Nearly 1.9 million cyberattacks against the healthcare industry in India were recorded from January to November last year, according to research led by local cybersecurity think tank CyberPeace Foundation.
This is based on a simulation of a healthcare-based threat intelligence sensors network by the research group comprising CPF, its academic partners under CyberPeace Center of Excellence, and cybersecurity consultant Autobot Infosec.
The research has been done as part of CPF’s e-Kawach programme, which aims to implement comprehensive public network and threat intelligence sensors across India to capture internet traffic and analyse real-time threats of cyberattacks.

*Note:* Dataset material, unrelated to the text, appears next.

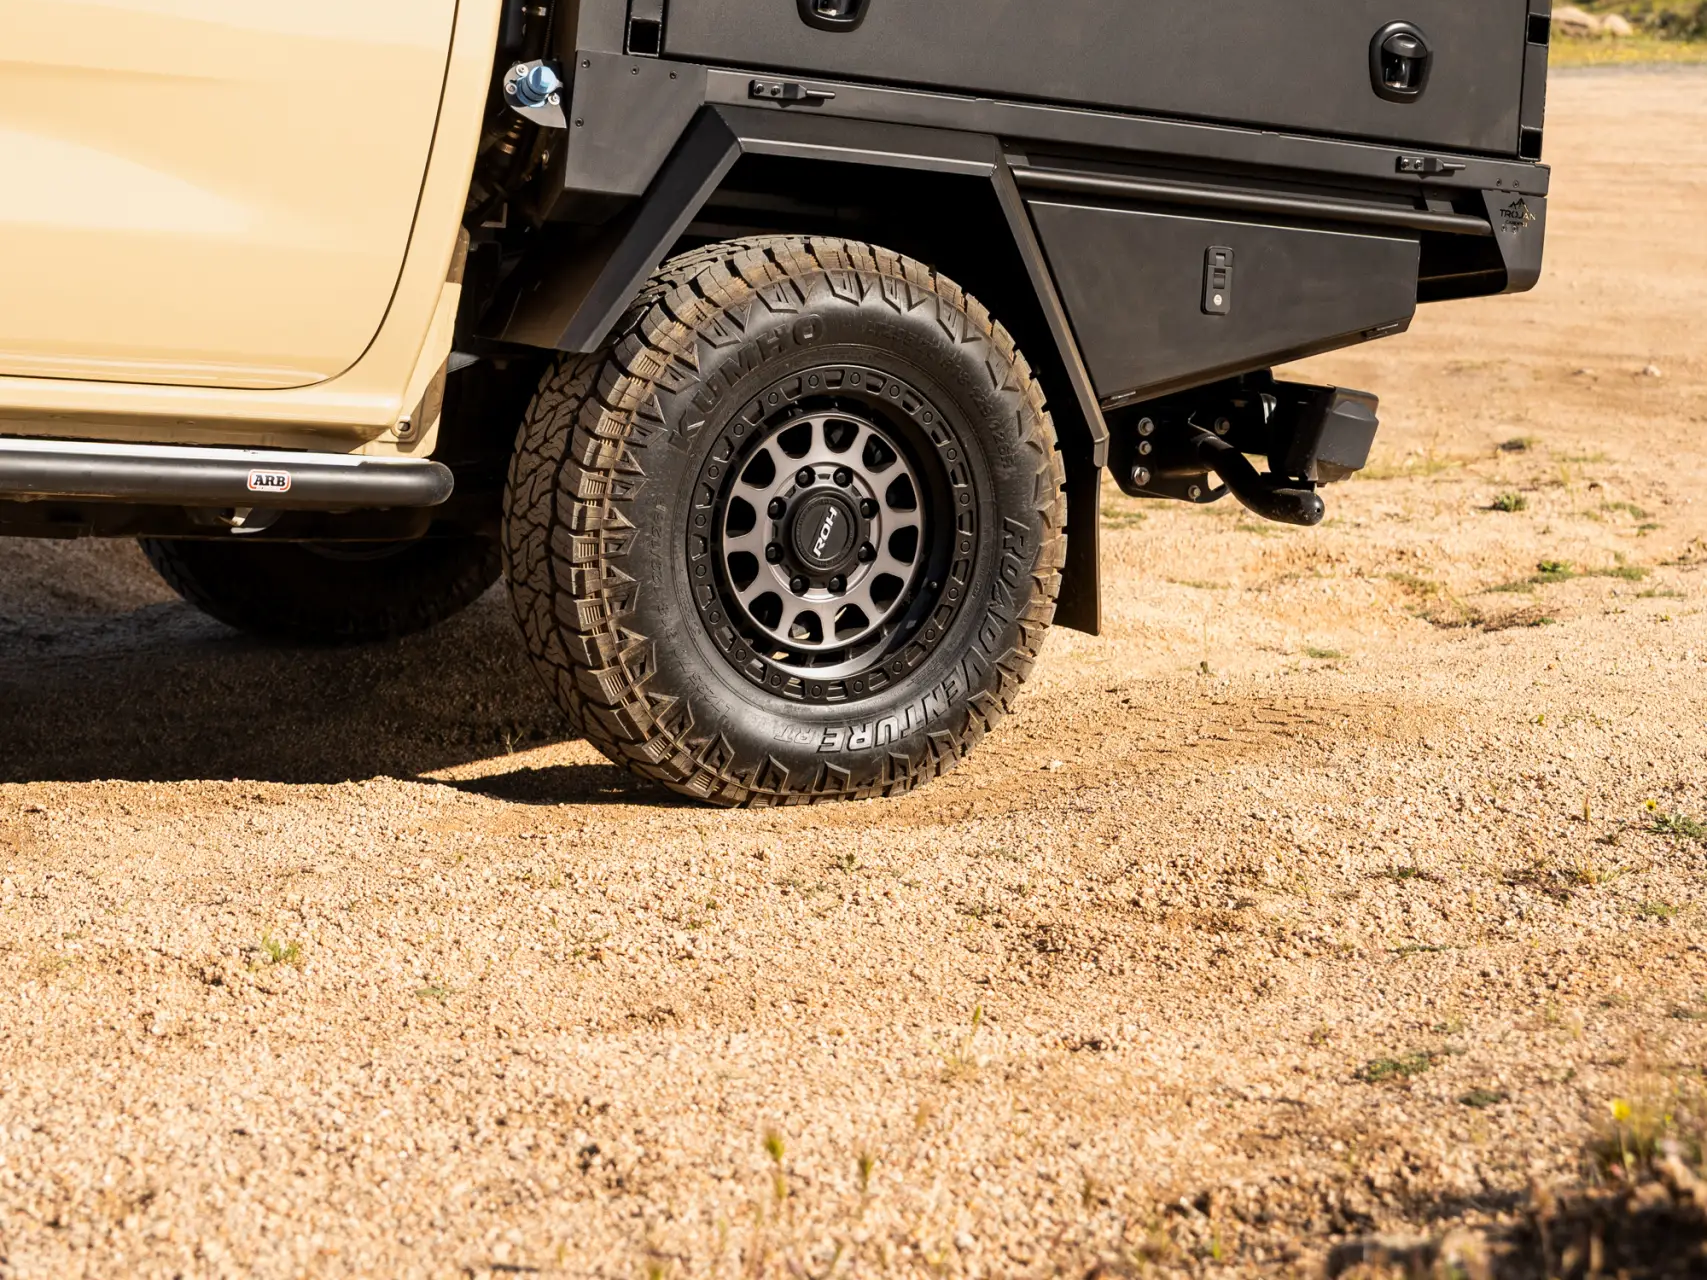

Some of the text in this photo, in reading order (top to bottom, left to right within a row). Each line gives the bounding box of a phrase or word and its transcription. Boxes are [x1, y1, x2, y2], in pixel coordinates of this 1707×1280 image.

According to the CPF’s report, most of the attacks targeted internet-facing systems with remote desktop protocol, those that are server message block and database services enabled, and those that run old Windows server platforms.
Hackers had also tried to exploit DICOM/MYSQL/MSSQL protocols to access sensitive patient data such as medical images and diagnostic information. Massive brute force and dictionary attacks – attempted acts to log into an account by using various passwords – were also done on FTP, MYSQL and MSSQL protocols.
Additionally, the threat intelligence sensors network also captured around 1,500 malicious payloads from Trojan viruses and ransomware which hackers tried to inject into the network.
A spokesperson from CPF said hospitals and health facilities have become easy targets for malicious actors as these have been under immense strain due to the pandemic. They are also “more likely to pay a ransom to get their systems up and running again.”
The cybersecurity group advised healthcare businesses to ensure that their systems are secured by reducing unnecessary data, improving the patch level of their software, and backing up and restoring procedures and auditing systems.
It also told them to periodically conduct technical audits of their healthcare infrastructure devices, networks and any other end-points directly or indirectly connected to it, to detect security vulnerabilities. Moreover, it was recommended to hold a cyber awareness drive and develop the cybersecurity skills of their staff.
Earlier, CPF noted an increase in phishing or social engineering attacks against Indian healthcare businesses.
For example, WhatsApp messages that seemed like an offer from Apollo Hospitals – one of the biggest hospital chains in the country – have been making rounds on the app with links to a supposed medical subsidy.
AIIMS Delhi has been a recent victim of a ransomware attack; while it has restored its corrupted databases, it is still struggling to bring its digital services back online almost two weeks after the hack.
Safdarjung Hospital in New Delhi was also hit by a cyberattack in November but it was able to immediately restore its system back with no reports of compromised data.